Advertisement

The Sterile Truth : ABC movie explores the impact of a ‘fetal protection’ policy

Share
TIMES STAFF WRITER

To what extremes would you go to keep your job?

ABC’s Monday night movie, “For Their Own Good,” chronicles the horrors a group of women endured to keep their jobs. Inspired by a real event from the ‘80s, the drama stars Elizabeth Perkins (“Big”) as Sally Thompson, an abused wife and mother of a young boy, who is one of the few women working in a small-town factory where hazardous materials are used. The company refuses to spend the money to clean up the factory. So it instates a “fetal-protection” policy that prevents women of childbearing years to work with hazardous materials. If the women don’t want to lose their jobs, they must be sterilized.

Sally and her female co-workers are trapped. The area is economically depressed, their male co-workers don’t care about their plight and the local lawyer tells them they can’t fight the company. So Sally goes to New York and obtains the services of a feisty ACLU attorney (Laura San Giacomo) to file a sex-discrimination case against the company.

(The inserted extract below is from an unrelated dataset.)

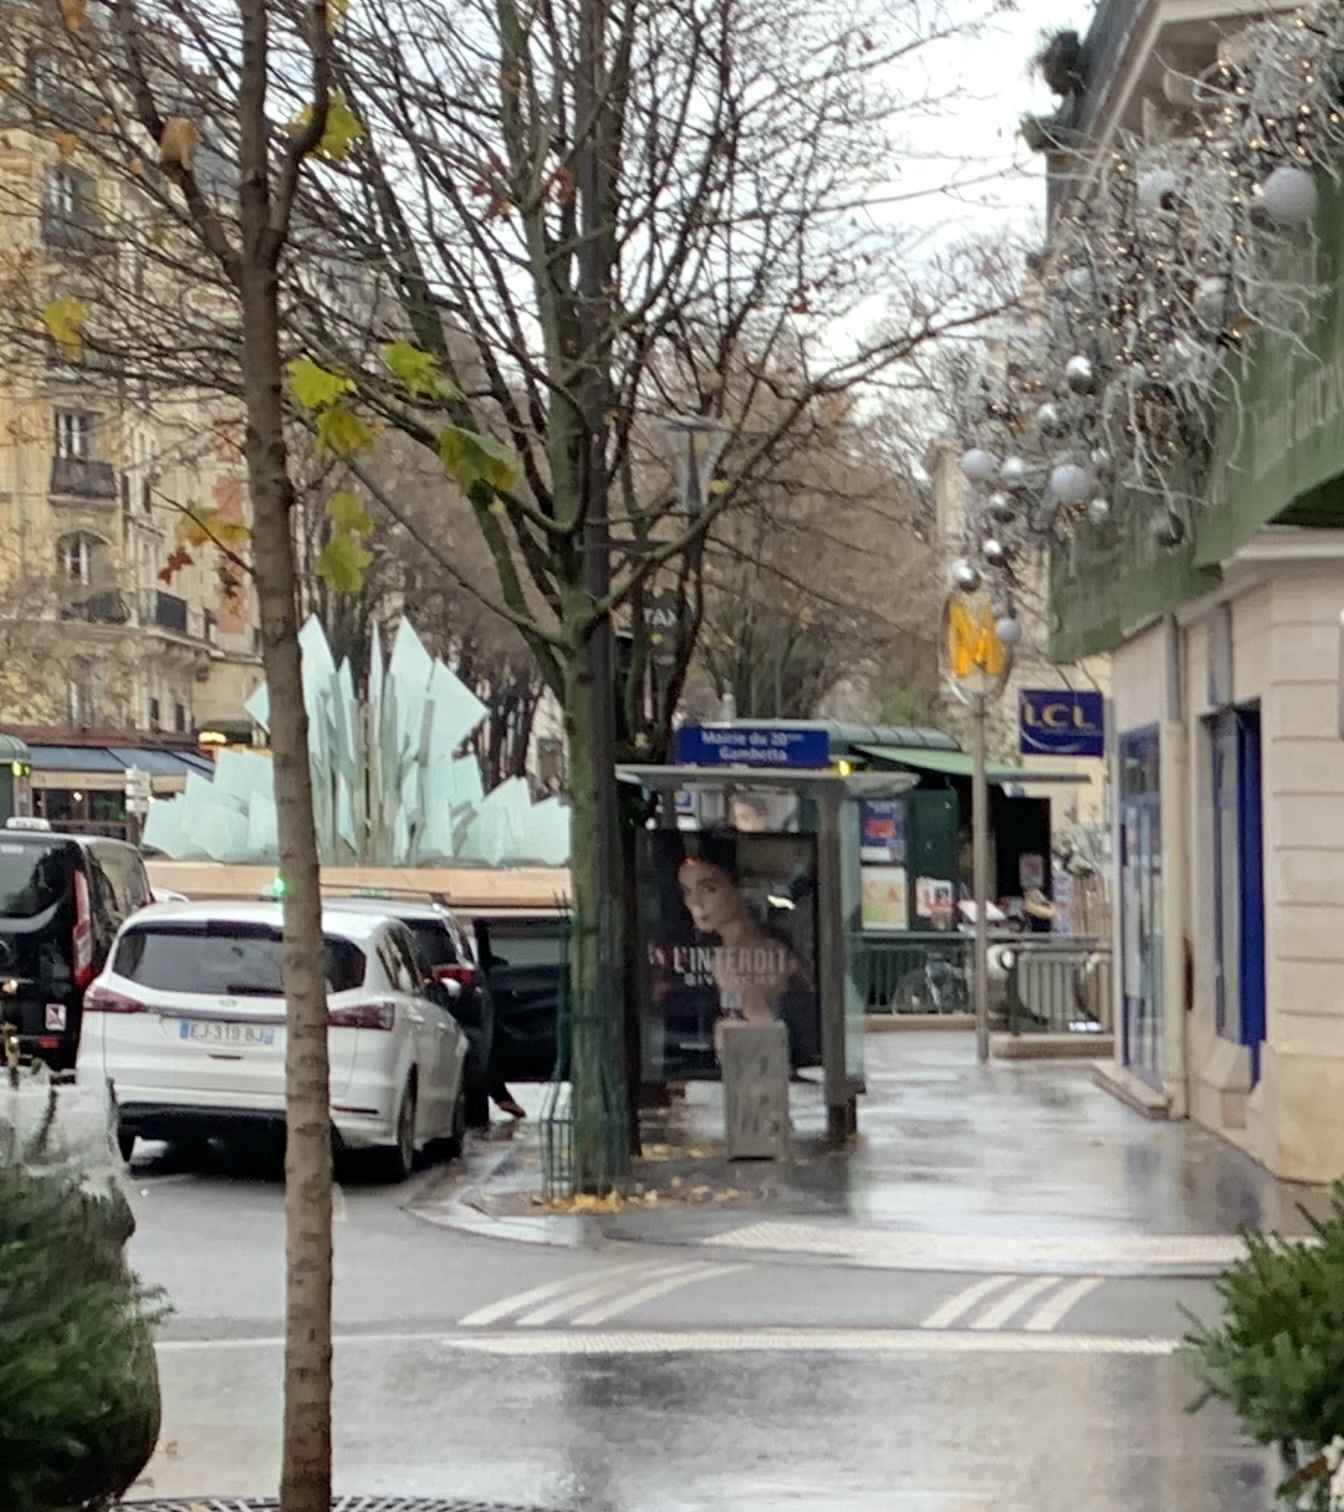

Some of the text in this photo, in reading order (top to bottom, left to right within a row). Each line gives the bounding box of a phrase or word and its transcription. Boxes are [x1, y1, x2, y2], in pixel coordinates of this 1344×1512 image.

In 1990, the Supreme Court invalidated the fetal-protection policy and stated that American women needed protection from intrusive, discriminatory and unconstitutional job restrictions.

Advertisement

“For Their Own Good” is set in Texas and in New York City, but the old Los Angeles Herald Examiner building doubles for several locations. The presses have been transformed into a factory, and the newsroom subs for the ACLU office. Shooting is going slow this hot afternoon. It’s more than 100 degrees in the building and the air conditioner has broken down. But San Giacomo (“sex, lies and videotape”) and Perkins are eager to discuss the project, which marks their TV film debuts.

Neither actress had been familiar with the case. “In some of the research I did, I found some women were very compassionate to these women who had gone through this,” San Giacomo says. “Some women couldn’t understand it.”

But San Giacomo does. “In these kinds of rural areas there are no choices, there are only decisions to make. If you have to decide between $1.15 an hour or hundreds of dollars a week to support your parents and your children, it is just a decision they have to make. It is not a choice. There may not be (any job) in the next town or the town after that. There are not a lot of options.”

Perkins was appalled when she discovered companies were allowed to impose the policy on women. “I was really shocked this had been allowed to go on,” she says angrily.

Though her character of Sally is uneducated, Perkins believes she’s anything but stupid. “She is a woman caught in a depressing economic situation and one who saw no options at the time,” Perkins explains. “It wasn’t until later that she realized the injustice that had been placed on her. She fought it. It takes an enormous amount of courage to go up against the huge conglomerates. It is a courage I, personally, don’t know if I would have.”

Perkins never met with the woman on whom her character is loosely based. Writer-director Ed Kaplan didn’t want her to. “I had spoken to her on the phone,” Perkins says. “I read all of her interviews and wanted to meet her.”

Advertisement

But, ultimately, she respected Kaplan’s wishes. “He really felt he wanted me to make it my own,” Perkins says. “Maybe it did make it more of my own. This particular story is really a conglomeration of several people’s stories, so it is not really about one woman. It is about a series of women.”

“For Their Own Good” had been in development for three years. Co-producer Phyllis Rossheim brought the idea to executive producers Jon Avnet and Jordan Kerner (“Fried Green Tomatoes”).

“There were a number of reports of the real-life characters appearing on ’60 Minutes’ and ‘20/20,”’ Kerner says. “‘Phyllis got the rights to one of those people involved and a number of other people involved in the case. She brought it to us. What we had never done was chase down these type of stories. This was something that affected us all. It was so real.”

That’s the main reason Kaplan also was drawn to the project. “Generally, the movies I like to do are oriented around issues that spark my imagination,” he says. “This one clearly talked about issues that have concerned me for a long time just in terms of the empowerment issue--women in government, the pro-choice issue.”

Though Kaplan didn’t actually go inside these factories, “I got inside the environment,” he says. “I realized this was an incredible story to tell. I couldn’t believe this story had passed me over this last decade.”

The sterilized women, Kaplan found, never recovered from the trauma of the surgery. “These women couldn’t get counseling before they made the decision and couldn’t get counseling after they had the sterilization procedure,” Kaplan says. “They were in this kind of void. There was a lot of aberrant behavior afterward. One woman started a collection of dolls. The dolls happened to be lifelike. She had a crib with a life-size doll of a boy--the baby she didn’t have.”

Advertisement

“For Their Own Good” airs Monday at 9 p.m. on ABC.